WHAT IS NEEDED — If pictures appear in the lines below, skip them and copy exactly the lines from the one containing "this 1333×1333 image." through the one containing "Some of the words", and nothing else.

ENTRIES SUPPLIED —
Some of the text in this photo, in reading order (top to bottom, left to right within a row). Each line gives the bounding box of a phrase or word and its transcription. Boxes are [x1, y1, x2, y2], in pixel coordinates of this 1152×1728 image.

--

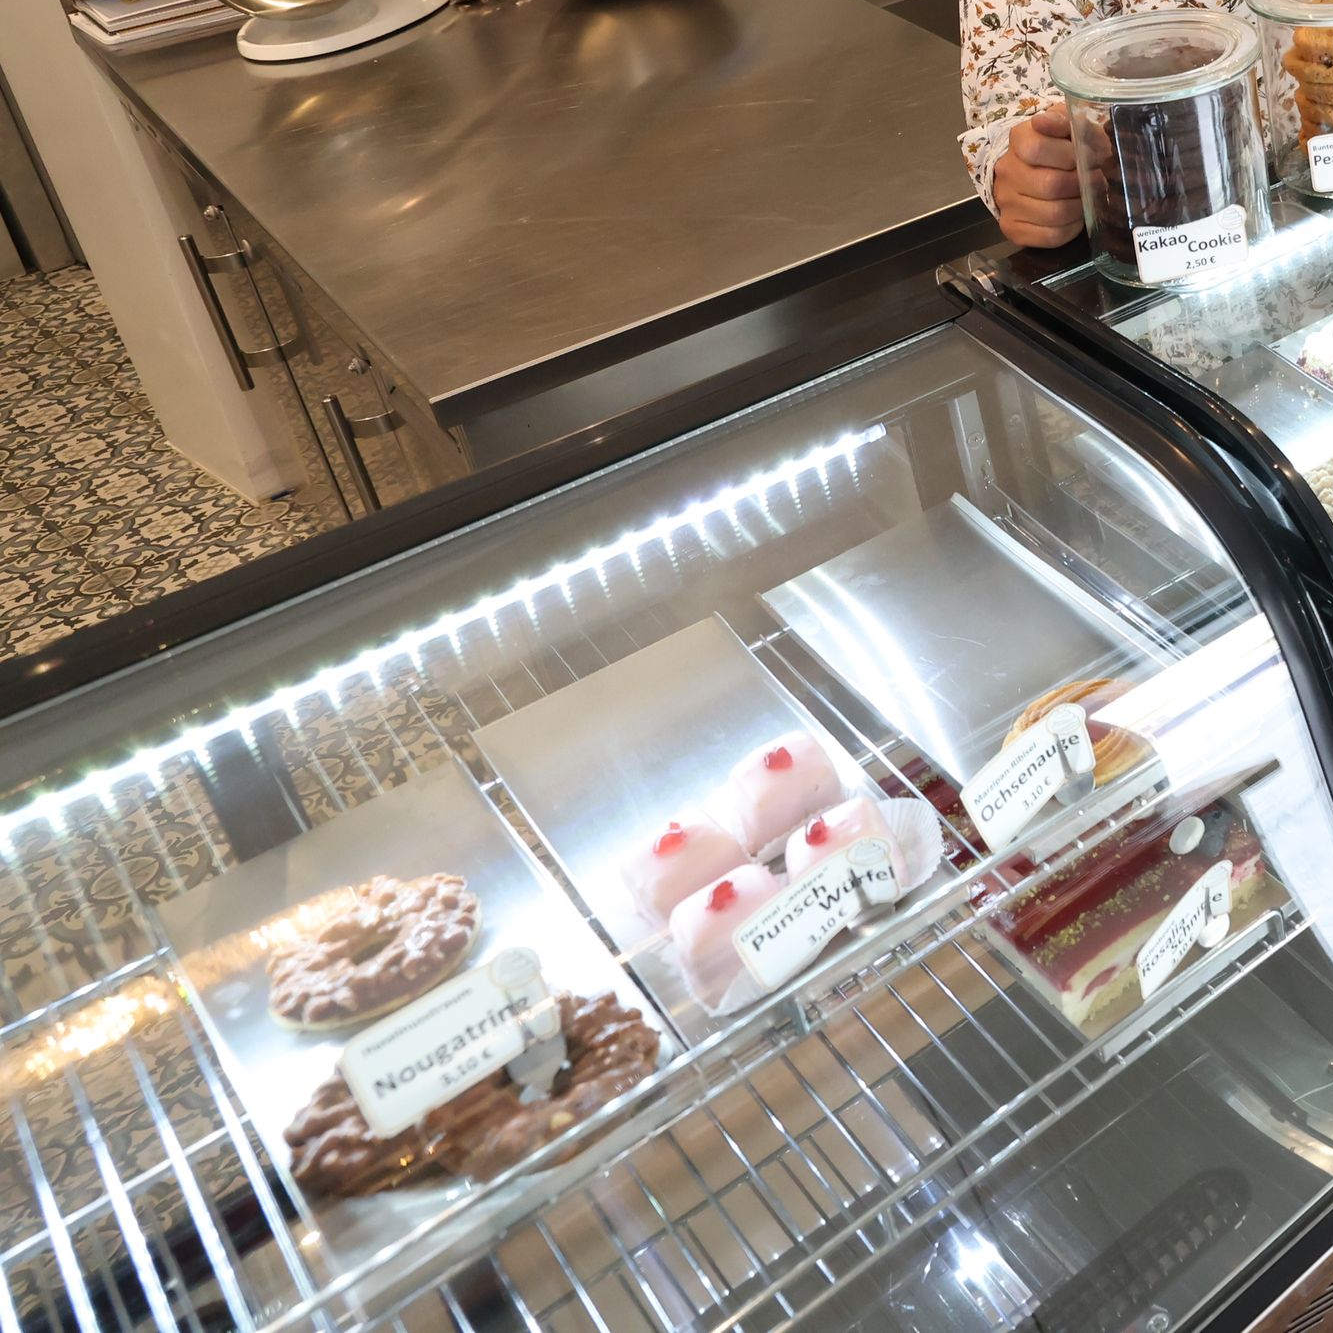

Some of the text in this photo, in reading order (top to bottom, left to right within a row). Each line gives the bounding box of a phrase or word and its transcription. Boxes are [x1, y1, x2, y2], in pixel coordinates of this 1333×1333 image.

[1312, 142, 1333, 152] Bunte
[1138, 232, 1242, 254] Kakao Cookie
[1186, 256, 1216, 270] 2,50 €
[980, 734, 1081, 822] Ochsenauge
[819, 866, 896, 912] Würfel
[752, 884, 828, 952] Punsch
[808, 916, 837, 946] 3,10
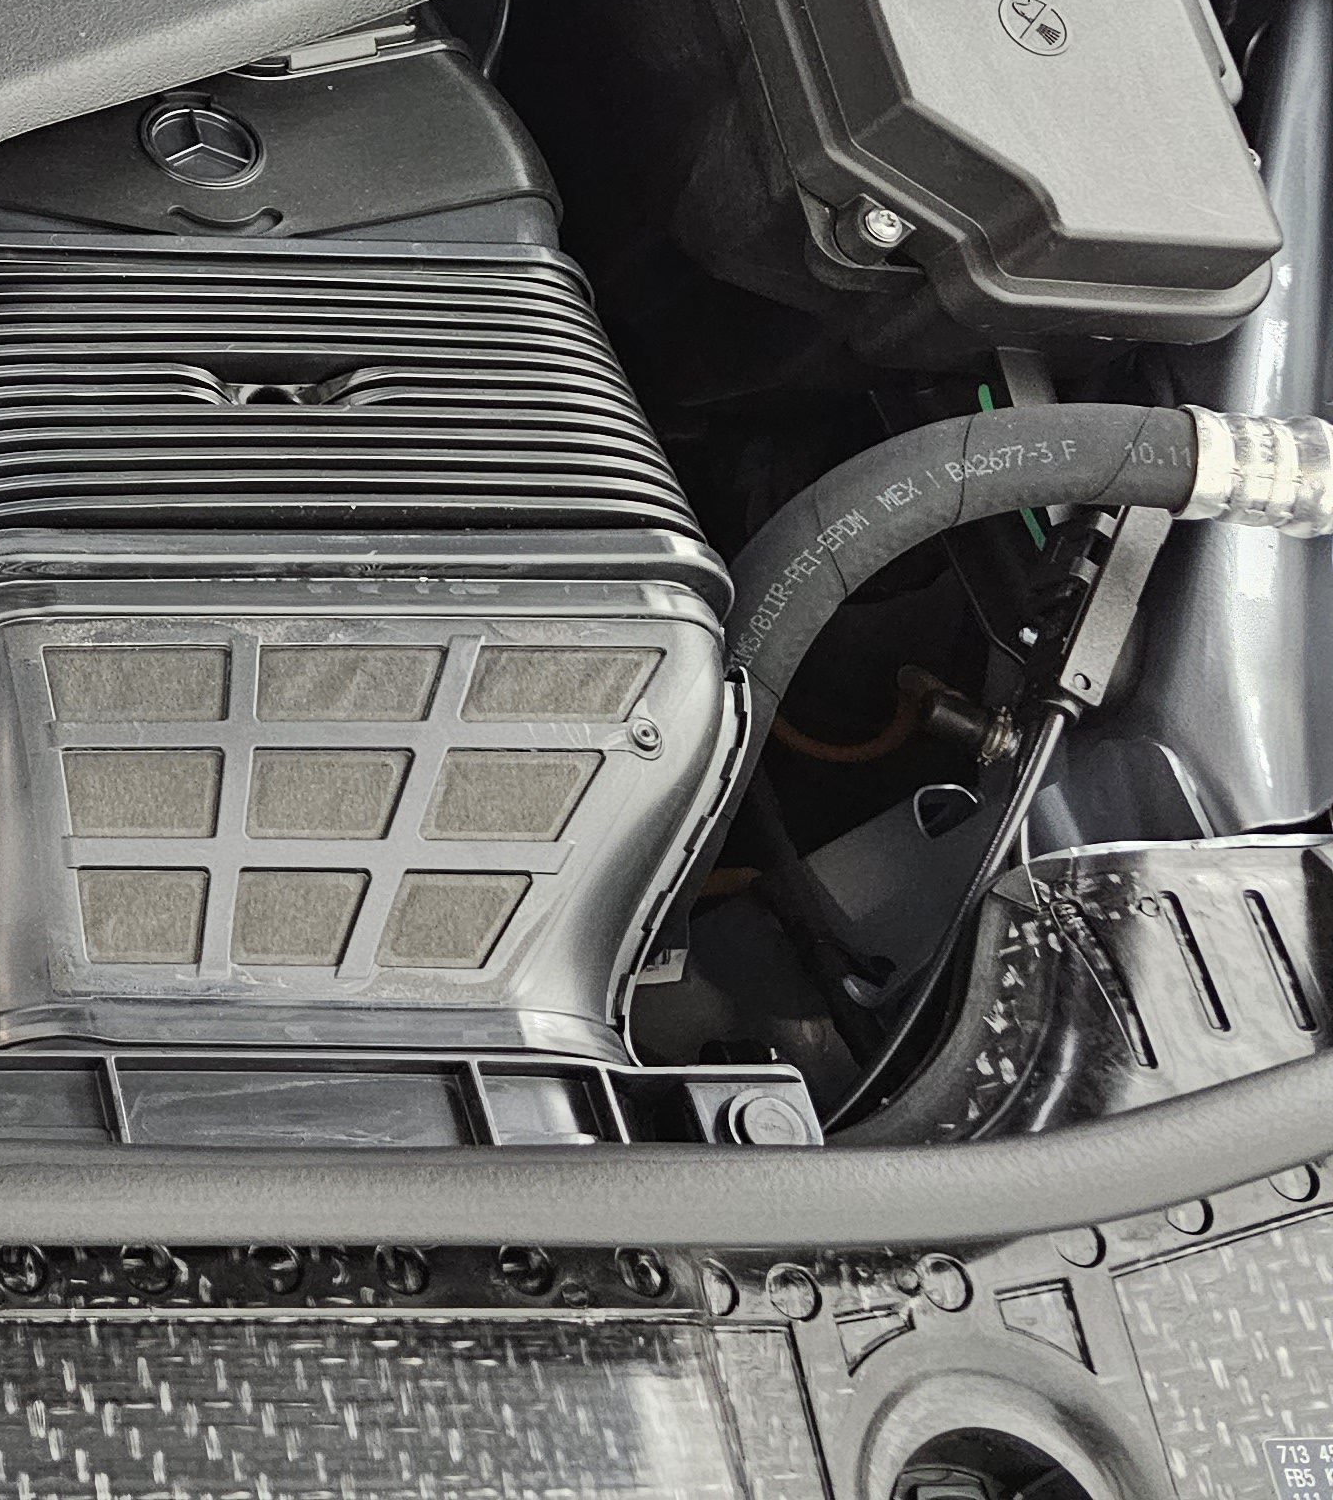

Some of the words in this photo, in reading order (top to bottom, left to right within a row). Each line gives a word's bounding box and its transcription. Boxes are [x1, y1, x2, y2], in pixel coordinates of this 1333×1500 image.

RESULT OF THE EXERCISE —
Some of the text in this photo, in reading order (top to bottom, left to right within a row). Each line gives the bounding box of a phrase or word and its transcription. Boxes are [x1, y1, x2, y2], in pixel coordinates of this 1333×1333 image.

[1312, 142, 1333, 152] Bunte
[1138, 232, 1242, 254] Kakao Cookie
[1186, 256, 1216, 270] 2,50 €
[980, 734, 1081, 822] Ochsenauge
[819, 866, 896, 912] Würfel
[752, 884, 828, 952] Punsch
[808, 916, 837, 946] 3,10

Some of the words in this photo, in reading order (top to bottom, left to right within a row). Each line gives a word's bounding box and its transcription. Boxes are [x1, y1, x2, y2], in pixel coordinates of this 1333×1500 image.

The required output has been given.